由表3可知,馬鈴薯肉質部分α-茄堿與表皮中含量差異較大,薯皮中α-茄堿含量遠遠高于肉質部分,這與伍慧敏[41]的研究結果一致。貯藏初期,表皮中α-茄堿處于較低水平,含量為14.15 mg/100 g FW,60 d時三組馬鈴薯表皮的α-茄堿含量迅速增加且均超過規定的安全范圍,但三組間差異并不顯著(p>0.05);90 d時三組馬鈴薯已全部發芽,CK組馬鈴薯表皮中α-茄堿含量最高,分別為一次處理組和二次處理組的1.18倍、1.40倍,但CK組與兩種處理組的差異不顯著(p>0.05)。可以看出,UV-C處理抑制表皮α-茄堿效果并不理想。馬鈴薯肉質部分α-茄堿含量隨著貯藏時間的延長而增加,但三組馬鈴薯的肉質部分α-茄堿含量均在規定的安全范圍內(≤20 mg/100 gFW)。在貯藏30 d時,CK組α-茄堿顯著高于一次處理組和二次處理組(p<0.05);貯藏至90 d,三組馬鈴薯均已發芽。其中CK組α-茄堿含量最大(1.46 mg/100 g FW),分別為一次處理組和二次處理組的1.39倍、1.52倍(見表3)。

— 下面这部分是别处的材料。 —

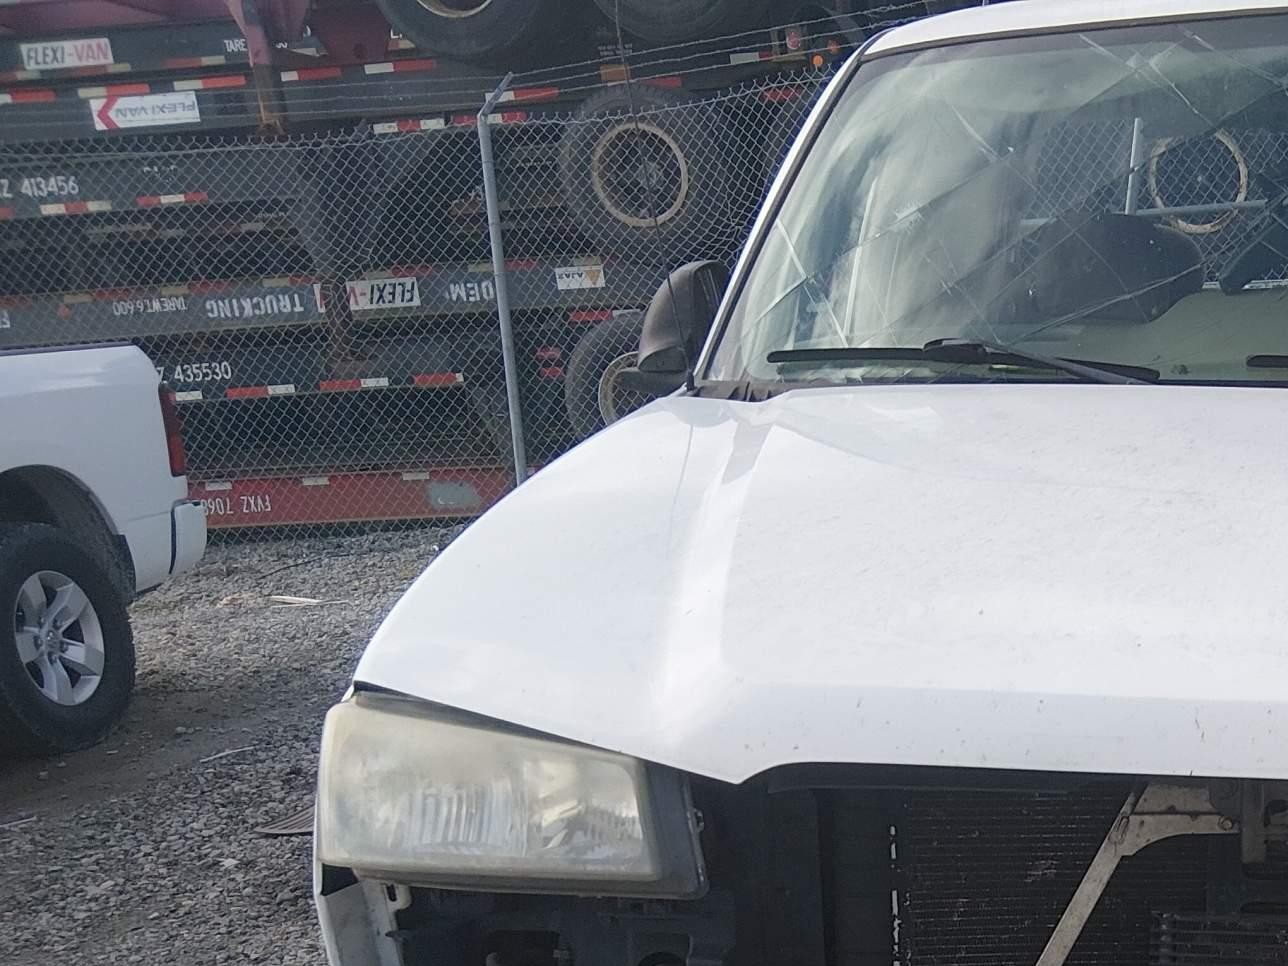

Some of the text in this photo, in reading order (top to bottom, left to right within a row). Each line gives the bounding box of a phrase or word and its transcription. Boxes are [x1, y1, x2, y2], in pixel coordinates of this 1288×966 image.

[224, 38, 247, 52] TARE
[20, 175, 80, 197] 413456
[345, 281, 415, 306] FLEXI-V
[205, 293, 304, 318] TRUCKING
[174, 361, 232, 383] 435530
[240, 494, 271, 513] FVXZ

表3 UV-C處理對馬鈴薯貯藏過程中α-茄堿含量的影響(mg/100 g FW)Table 3 Effect of UV-C treatments on α-solanine of potato during storage(mg/100 g FW)

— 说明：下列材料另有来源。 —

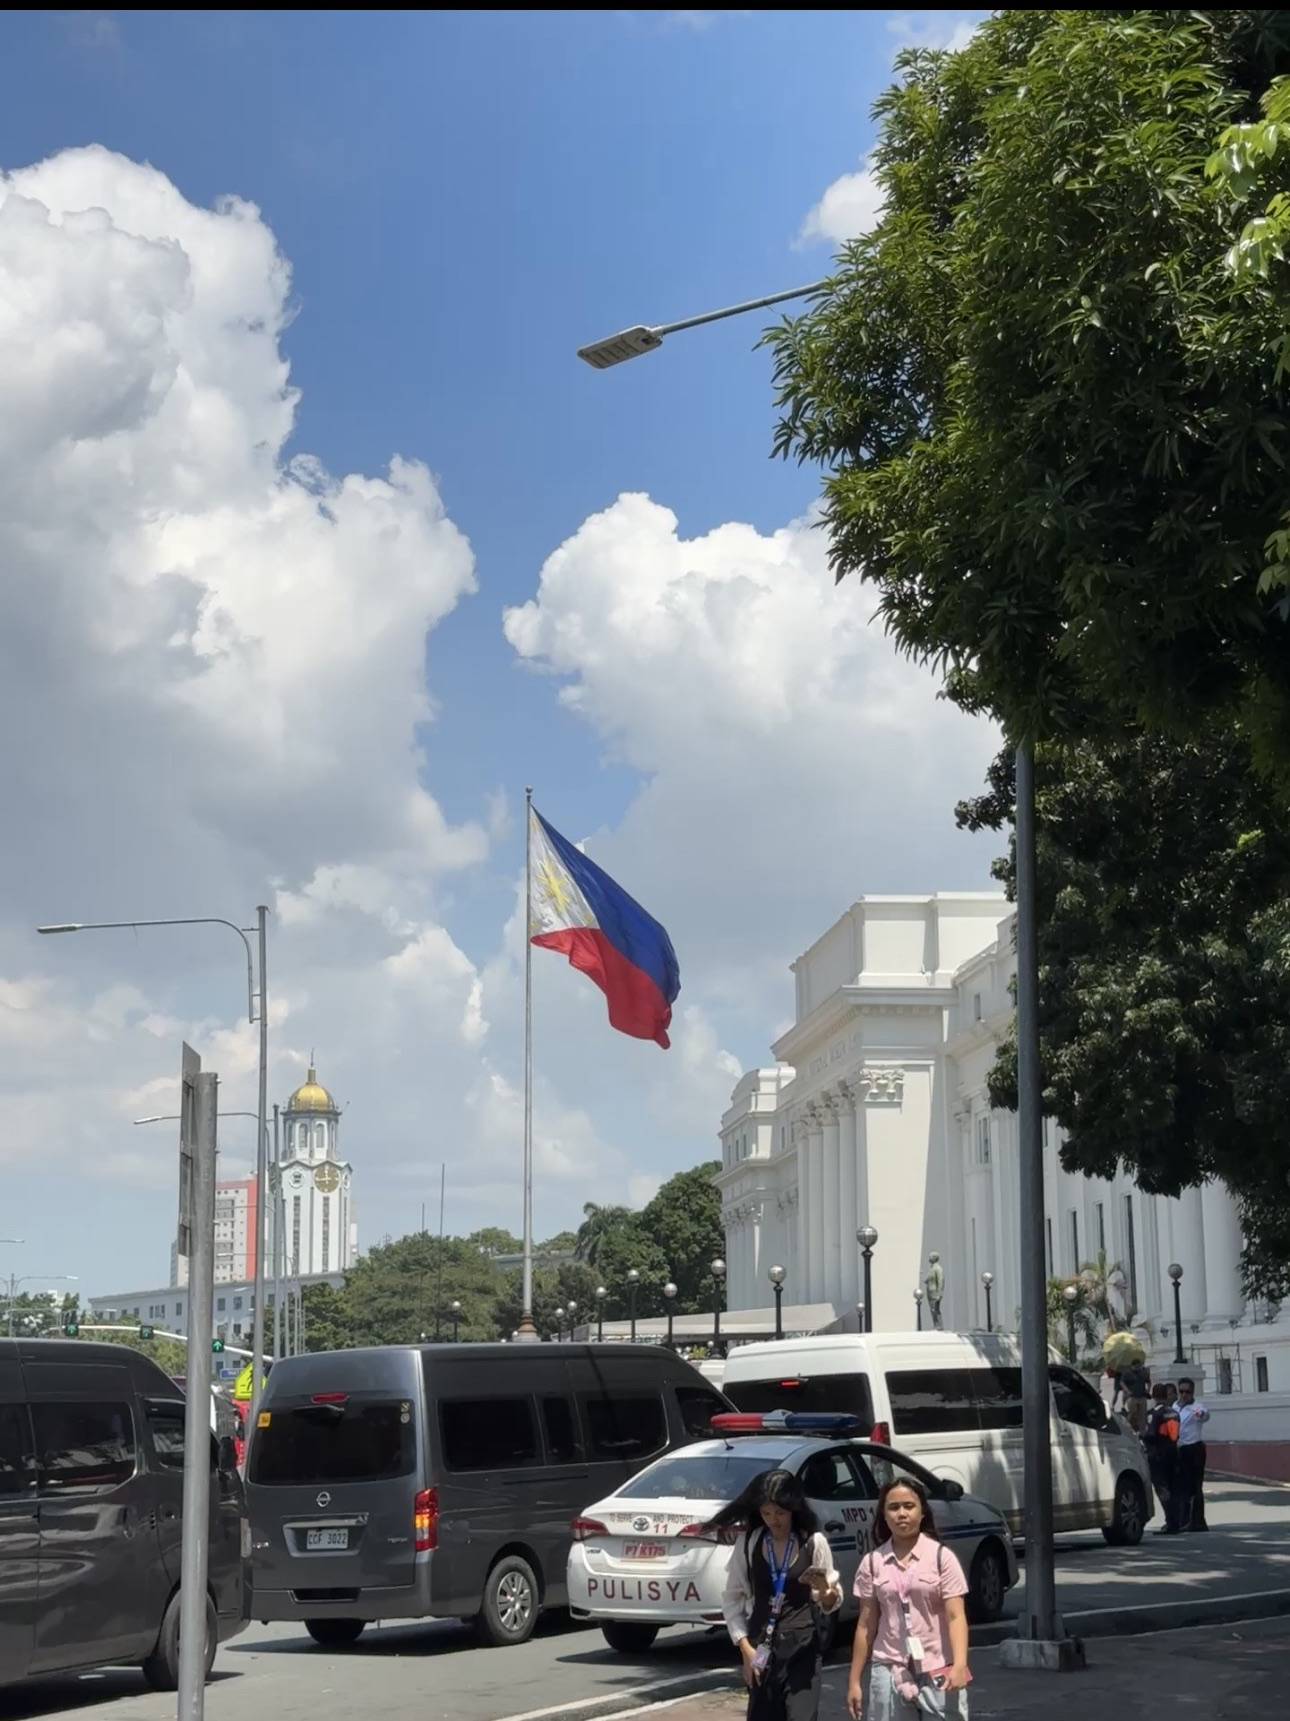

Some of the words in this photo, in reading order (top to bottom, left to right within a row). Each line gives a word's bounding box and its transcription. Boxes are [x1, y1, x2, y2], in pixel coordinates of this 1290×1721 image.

[653, 1514, 665, 1523] AND
[667, 1514, 694, 1525] PROTECT
[841, 1507, 867, 1523] MPD
[653, 1523, 668, 1534] 11
[327, 1532, 347, 1545] 3022
[587, 1578, 702, 1602] PULISYA

在整個貯藏期間,CK組馬鈴薯中α-茄堿的含量大多高于處理組,可見UV-C處理對降低馬鈴薯中α-茄堿含量具有一定的作用,分析原因為UV-C處理一方面通過抑制發芽減少了α-茄堿的合成,另一方面可能調控α-茄堿的合成與分解,但作用機理尚需進一步研究。

3 結論

采后UV-C照射處理能有效抑制馬鈴薯發芽,降低發芽率,延長休眠期,且UV-C二次照射處理效果最好,10 ℃貯藏105 d時UV-C一次處理和二次處理的馬鈴薯發芽率分別為83.66%、68.78%,比CK組分別低11.14%、26.02%。隨著貯藏時間的延長,馬鈴薯失重率、GA3以及α-茄堿含量總體呈上升趨勢,還原糖含量及PAL酶活性先升后降,總酚含量逐漸減少,UV-C處理組均可提高馬鈴薯總酚含量及PAL酶活性,延緩還原糖及α-茄堿含量的升高速度,有效調控GA3的含量并促進總酚的合成,且UV-C二次處理效果最好。UV-C二次處理馬鈴薯在貯藏90 d時薯皮和肉質部分的α-茄堿含量僅為CK組的71.09%、65.75%。綜合來看,UV-C二次照射是抑制馬鈴薯貯藏中發芽、調控品質的有效處理方式,在馬鈴薯貯藏中具有潛在的實踐應用價值和較好前景。